Cole got off the bus like a champ.....Adam however had both book bags and both lunch boxes and Cole's hand trying to direct him to his kindergarten line while the principal helped. Yes that is right, the Principal at our school is outside EVERY morning to great the kids and help the "special" ones and lets face they are ALL special to the right spot. I love that man! We waited with Cole while both his teachers made their way down the line introducing themselves.....we tried to get a picture but Cole wasn't all that cooperative....

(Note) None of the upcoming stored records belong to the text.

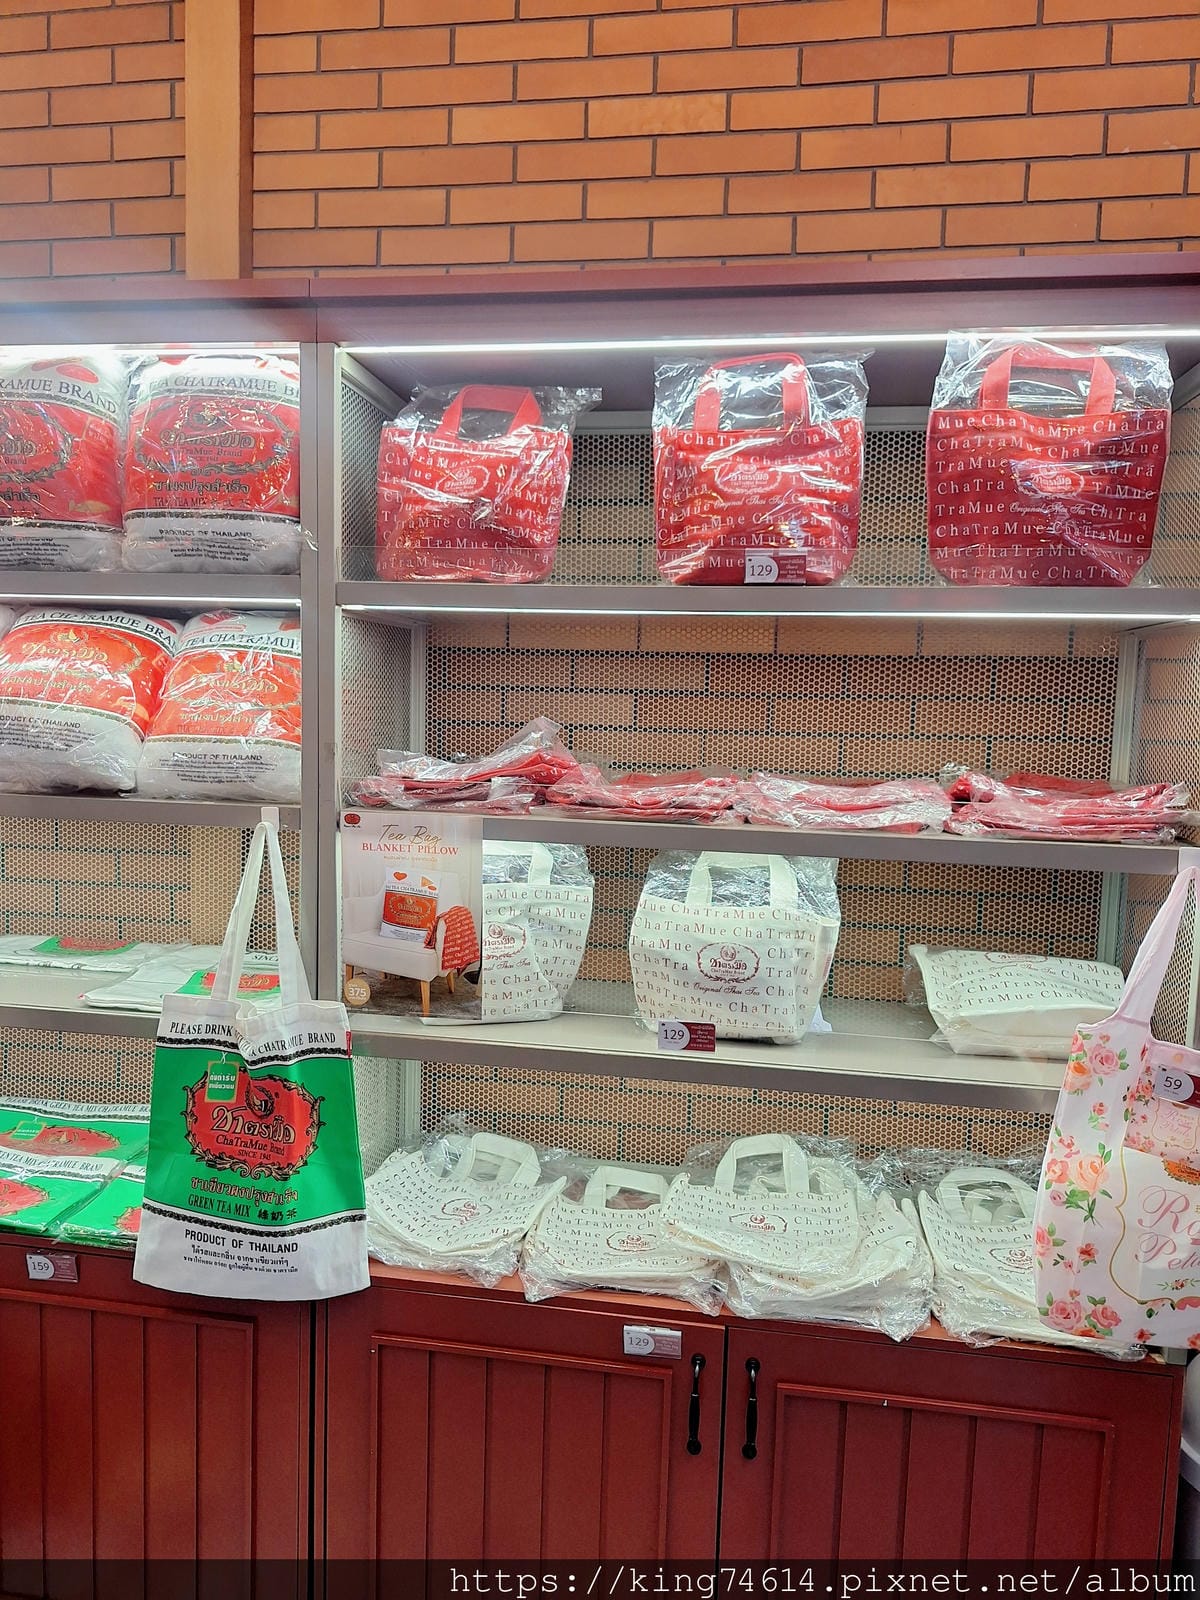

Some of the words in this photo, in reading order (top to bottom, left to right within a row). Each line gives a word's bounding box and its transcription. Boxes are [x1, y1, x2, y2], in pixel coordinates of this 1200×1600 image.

[174, 375, 278, 393] CHATRAMUE
[59, 381, 117, 415] BRAND
[938, 416, 975, 430] Mue
[1093, 418, 1164, 432] ChaTra
[937, 436, 1041, 455] ChaTraMue
[1048, 440, 1159, 459] ChaTraMue
[936, 456, 1009, 474] TraMue
[937, 478, 1005, 495] ChaTra
[935, 501, 1005, 517] TraMue
[937, 521, 1045, 538] ChaTraMue
[750, 564, 773, 577] 129
[379, 823, 407, 842] Tea
[409, 825, 442, 848] Bag
[362, 842, 412, 854] BLANKET
[417, 844, 459, 855] PILLOW
[534, 889, 590, 903] ChaTra
[671, 904, 766, 920] ChaTraMue
[634, 916, 727, 937] ChaTraMue
[631, 934, 692, 952] TraMue
[632, 953, 689, 971] ChaTra
[633, 966, 689, 988] TraMue
[1061, 969, 1122, 991] ChaTra
[348, 987, 367, 997] 375
[170, 1021, 203, 1035] PLEASE
[204, 1023, 234, 1037] DRINK
[258, 1033, 304, 1055] CHATRAMUE
[307, 1032, 337, 1044] BRAND
[663, 1029, 685, 1040] 129
[1163, 1076, 1182, 1090] 59
[211, 1105, 296, 1144] ชาตรามือ
[216, 1134, 268, 1151] ChaTraMue
[269, 1142, 285, 1156] Brand
[237, 1148, 257, 1159] SINCE
[259, 1152, 271, 1160] 1945
[188, 1194, 214, 1211] GREEN
[215, 1199, 232, 1214] TEA
[233, 1203, 252, 1218] MIX
[185, 1228, 227, 1247] PRODUCT
[231, 1238, 244, 1249] OF
[248, 1241, 299, 1254] THAILAND
[32, 1261, 50, 1271] 159
[628, 1336, 649, 1347] 129
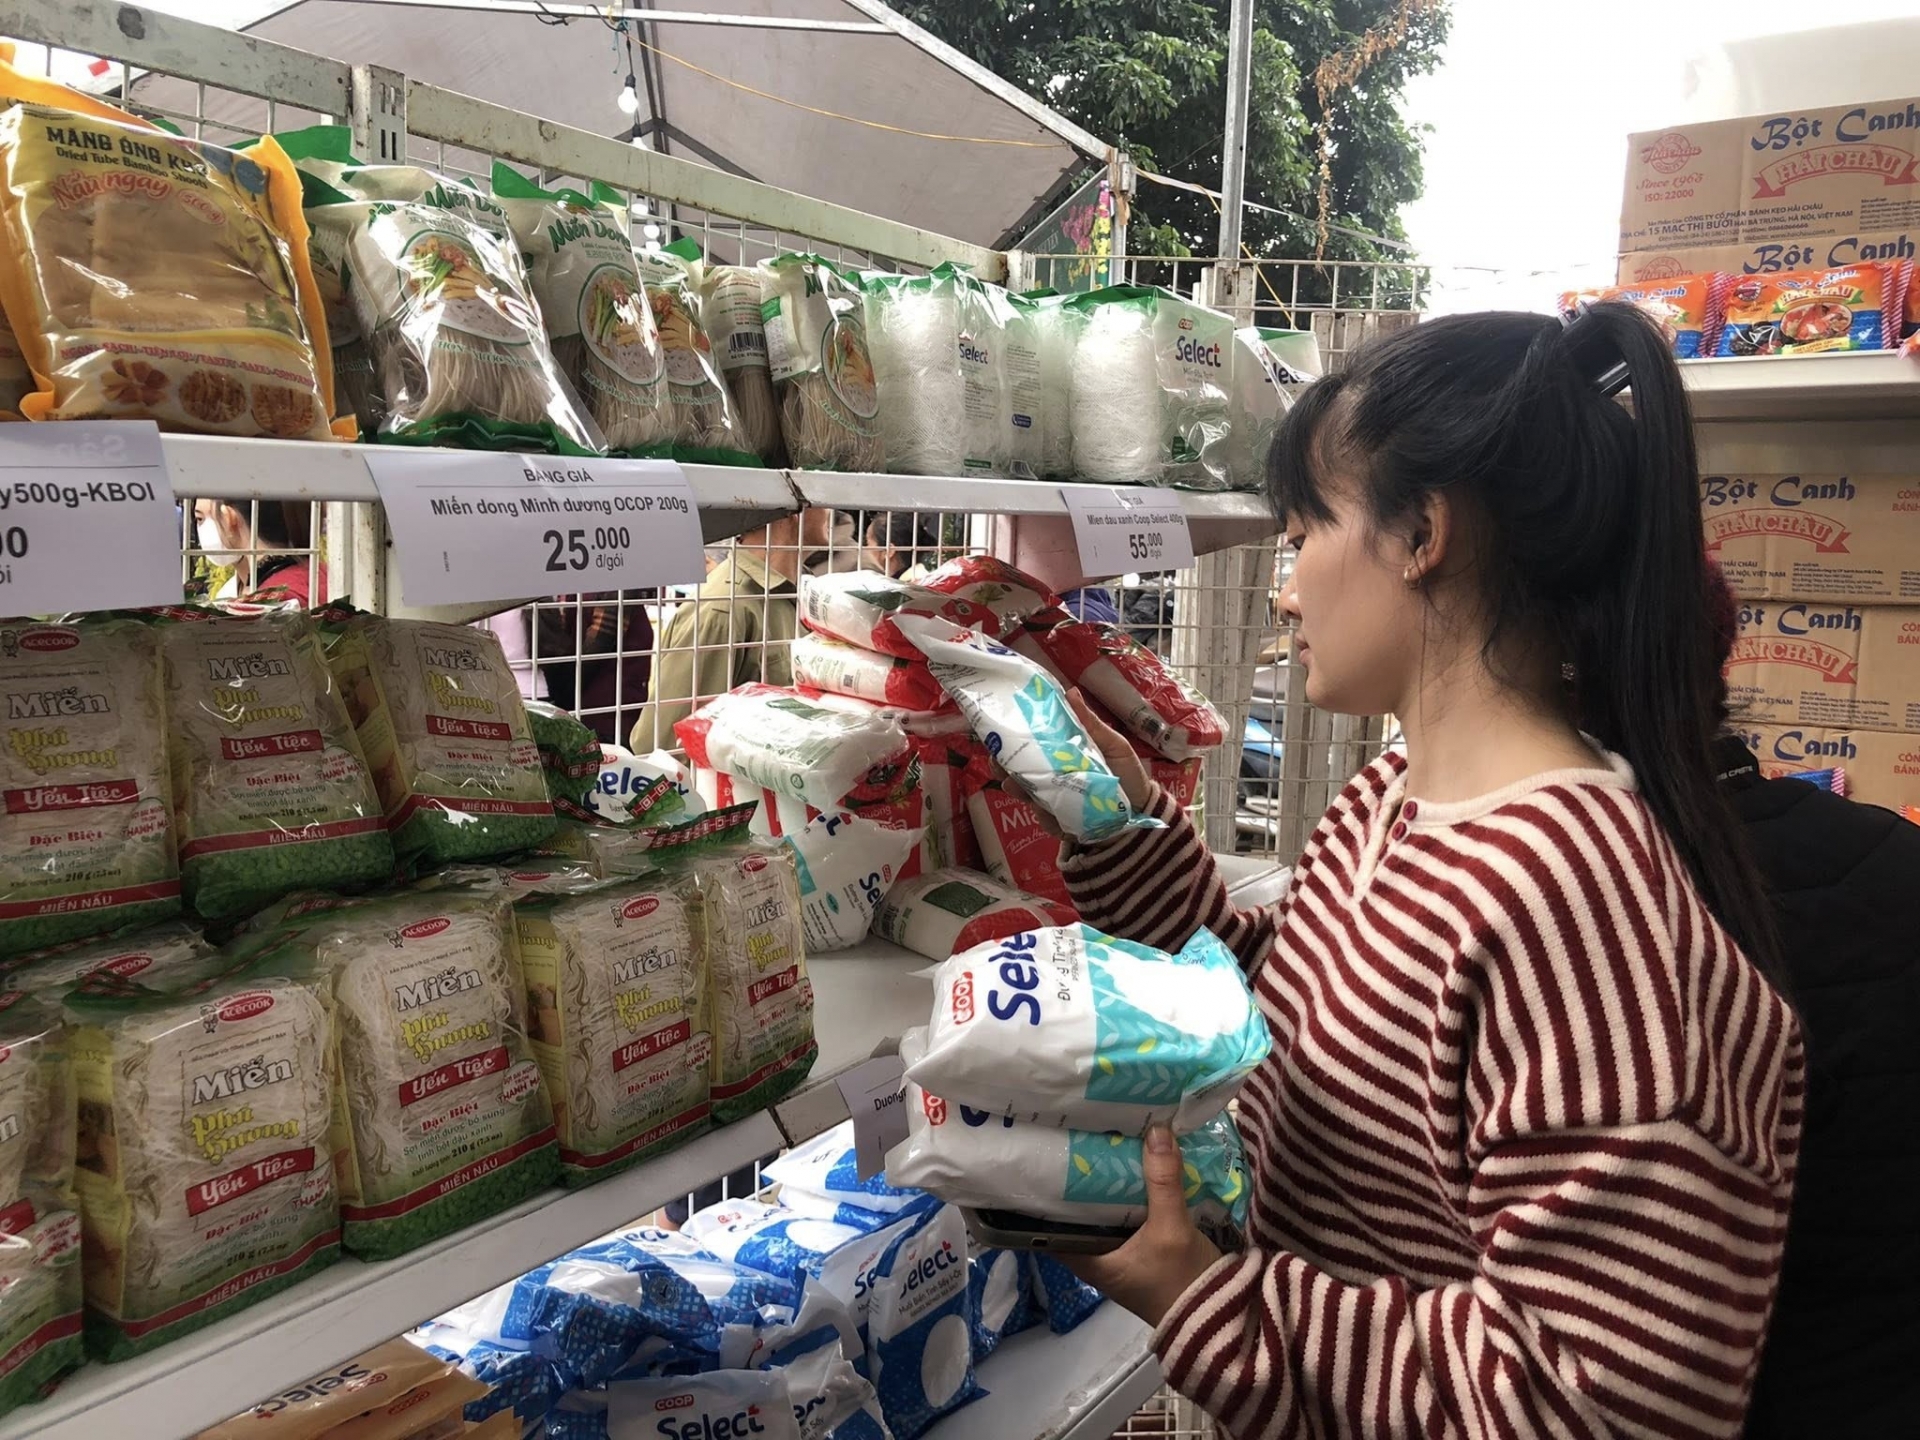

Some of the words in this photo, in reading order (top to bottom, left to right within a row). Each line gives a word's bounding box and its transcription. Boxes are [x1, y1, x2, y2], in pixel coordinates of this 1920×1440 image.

[46, 126, 113, 151] MĂNG
[1751, 117, 1822, 151] Bột
[1835, 103, 1920, 142] Canh
[56, 147, 87, 162] Dried
[92, 152, 119, 165] Tube
[123, 157, 169, 177] Bamboo
[1775, 151, 1826, 183] HẢI
[1827, 149, 1900, 173] CHÂU
[105, 172, 170, 199] ngay
[1636, 179, 1669, 190] Since
[1645, 192, 1662, 202] ISO:
[1664, 189, 1694, 200] 22000
[548, 217, 591, 253] Miến
[1649, 227, 1660, 236] 15
[1743, 244, 1813, 274] Bột
[1827, 235, 1915, 268] Canh
[959, 343, 988, 364] Select
[1176, 335, 1221, 368] Select
[567, 468, 594, 483] GIÁ
[1701, 476, 1758, 506] Bột
[1770, 476, 1855, 506] Canh
[430, 495, 473, 516] Miến
[476, 499, 518, 517] dong
[520, 497, 561, 515] Minh
[563, 497, 612, 515] dương
[614, 497, 654, 511] OCOP
[657, 497, 689, 514] 200g
[1087, 515, 1104, 525] Mien
[1105, 516, 1118, 525] dau
[1118, 515, 1133, 525] xanh
[1133, 514, 1150, 526] Coop
[1150, 514, 1169, 524] Select
[1713, 510, 1762, 539] HẢI
[1762, 513, 1832, 542] CHÂU
[595, 553, 624, 571] đ/gói
[1777, 605, 1861, 634] Canh
[208, 652, 290, 681] Miến
[424, 647, 492, 672] Miến
[1769, 642, 1837, 670] CHÂU
[8, 687, 110, 719] Miến
[436, 717, 466, 734] Yến
[471, 722, 500, 739] Tiệc
[230, 739, 268, 758] Yến
[271, 734, 311, 750] Tiệc
[1774, 731, 1857, 761] Canh
[23, 786, 72, 811] Yến
[77, 785, 124, 803] Tiệc
[462, 801, 490, 812] MIẾN
[492, 800, 514, 812] NẤU
[39, 897, 79, 914] MIẾN
[81, 892, 113, 909] NẤU
[858, 872, 884, 909] Sel
[747, 897, 786, 929] Miến
[613, 945, 677, 986] Miến
[396, 966, 483, 1012] Miến
[753, 981, 773, 998] Yến
[622, 1040, 650, 1065] Yến
[653, 1029, 681, 1046] Tiệc
[192, 1054, 294, 1106] Miến
[412, 1070, 449, 1098] Yến
[454, 1057, 495, 1078] Tiệc
[422, 1115, 447, 1132] Đặc
[449, 1102, 479, 1119] Biệt
[482, 1107, 505, 1120] sung
[470, 1123, 492, 1137] xanh
[633, 1133, 657, 1150] MIẾN
[659, 1120, 679, 1136] NẤU
[451, 1144, 468, 1158] 210
[200, 1171, 247, 1206] Yến
[253, 1155, 297, 1182] Tiệc
[439, 1171, 471, 1193] MIẾN
[472, 1157, 499, 1178] NẤU
[205, 1282, 241, 1307] MIẾN
[243, 1266, 276, 1289] NẤU
[656, 1395, 694, 1410] COOP
[657, 1411, 765, 1440] Select

He looks so sad....they then headed in and the Principal took his hand helping him and said mom, we will see you in the library for coffee....and that was that. My child was on his own so to speak and I was heart broken. I am familiar around the school since Adam is in 3rd grade.....and some of the mom's were very supportive as well as the teachers it was very comforting....

This is my 3rd grader....
So after all my stress about how Cole would do, he has had an awesome week! He is my big boy and I am so proud of him....Adam is doing great and loves his teacher who is in the picture above with him. I have high hopes for both of them this year and know that with the support of this amazing school they both can become great students!